Figure 2: shows us MRI scans of two different patients at various stages of recurrence, denoting how much time passed between recurrences, and when TMZ chemotherapy occurred. It also includes a phylogenetic tree of tumors, denoting the mutations that separate the initial tumor and the recurrences.
- Panel A: Shows us Patient 17, who had 12 months of TMZ therapy and a total of 30 months between the initial tumor and the recurrence. Patient 17 had a single mutation to IDH1 common to both the initial tumors, and the 4 recurrences. Recurrences developed their own mutations, splitting into the lineage that led to Recurrences C and A, and a separate lineage that became Recurrence B and later D.
- Panel B: Shows us Patient 04, who went through 15 months from initial to Recurrence 1, 20 to Recurrence 2, and 9 to Recurrence 3. Two rounds of TMZ chemotherapy (7 and 6 months respectively) occurred between Recurrences 1 and 2, and 2 and 3. In this case, the initial tumor again has its own lineage; Recurrence 1 is more closely related to the initial tumor than either of the other recurrences, which evolved Recurrence 2 and later 3. As with every other patient, a mutation to IDH1 is ancestral to all tumors.
Figure 3:
- Panel A: Shows us the numbers of TMZ-associated and other mutations in recurrent tumors of six TMZ-treated patients, each of which had at least one Grade IV recurrence; for all samples shown, the Grade IV recurrence had huge numbers of somatic TMZ-associated mutations (most ranging from 1500-2500), as compared to under 250 “other” mutations across the board. Grade II recurrences had no TMZ-associated mutations and relatively few “other” mutations compared to Grade IV recurrences.
- Panel B: Depicts the high association of hypermutation in the AKT-mTOR pathway and the RB pathway in TMZ treated patients who had Grade IV recurrences. Of the hypermutations that occurred in the TMZ treated patients, the majority appear to have been TMZ-associated.
- Panel C: Notes the dramatic change in the RB pathway associated with the recurrent tumor in Patient 01; the recurrence has a mutation that alters the splicing of the mRNA, causing a large drop in expression (see circled region).
- Panel D: Shows us that mutations in the RB pathway, associated with TMZ, cause an increase in the activity of genes usually down-regulated by RB1 and up-regulated by E2F, for both patients 1 and 10. RB1 and E2F are both part of the RB tumor-suppressor pathway.
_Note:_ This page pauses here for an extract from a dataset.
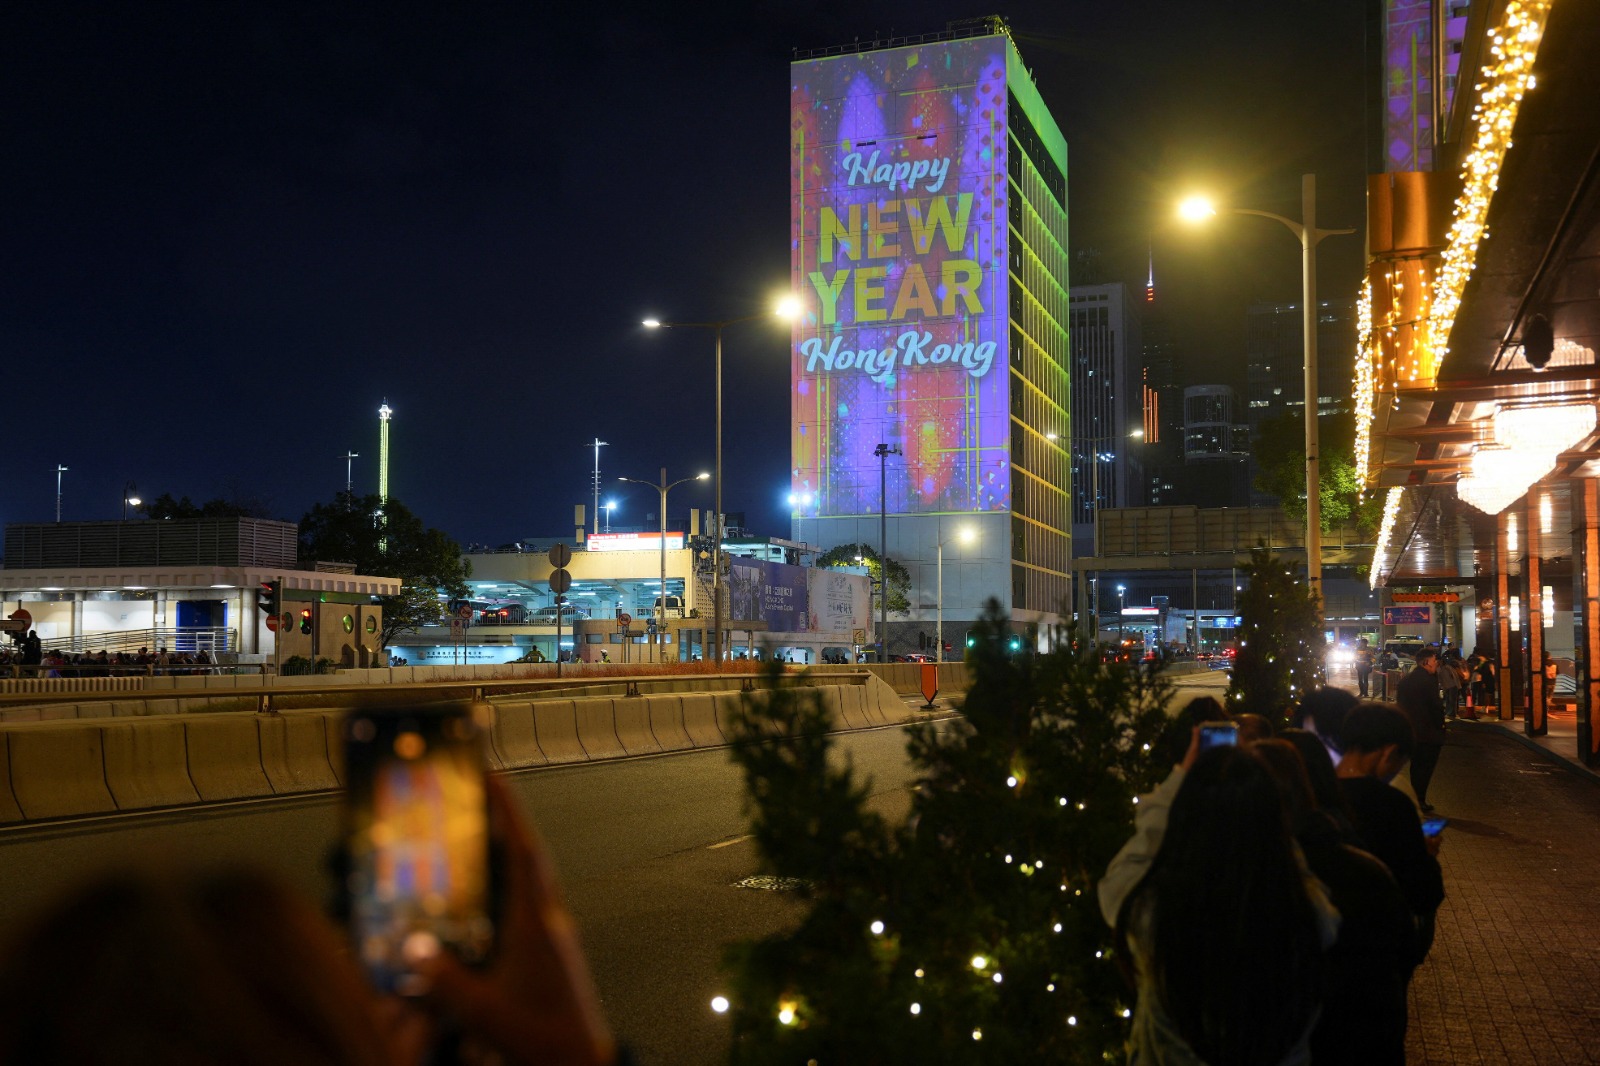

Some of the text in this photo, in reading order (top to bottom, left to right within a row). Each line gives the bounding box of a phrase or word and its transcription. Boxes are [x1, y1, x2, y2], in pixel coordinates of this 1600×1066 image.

- Panel E: Allows us to view physical samples of the first recurrent tumor in Patient 01, stained for easier viewing. The two regions of the tumor differ in that one has a TMZ-associated mutation MTOR S2215F, while the other is wild-type for MTOR (a gene in the AKT-mTOR pathway). There is a clear difference between two regions of the tumor, as the MTOR S2215F region proliferated more than the wild-type region. Recall that the AKT-mTOR pathway normally regulates apoptosis, and hyperactivation of the pathway reduces apoptosis in cancer cells.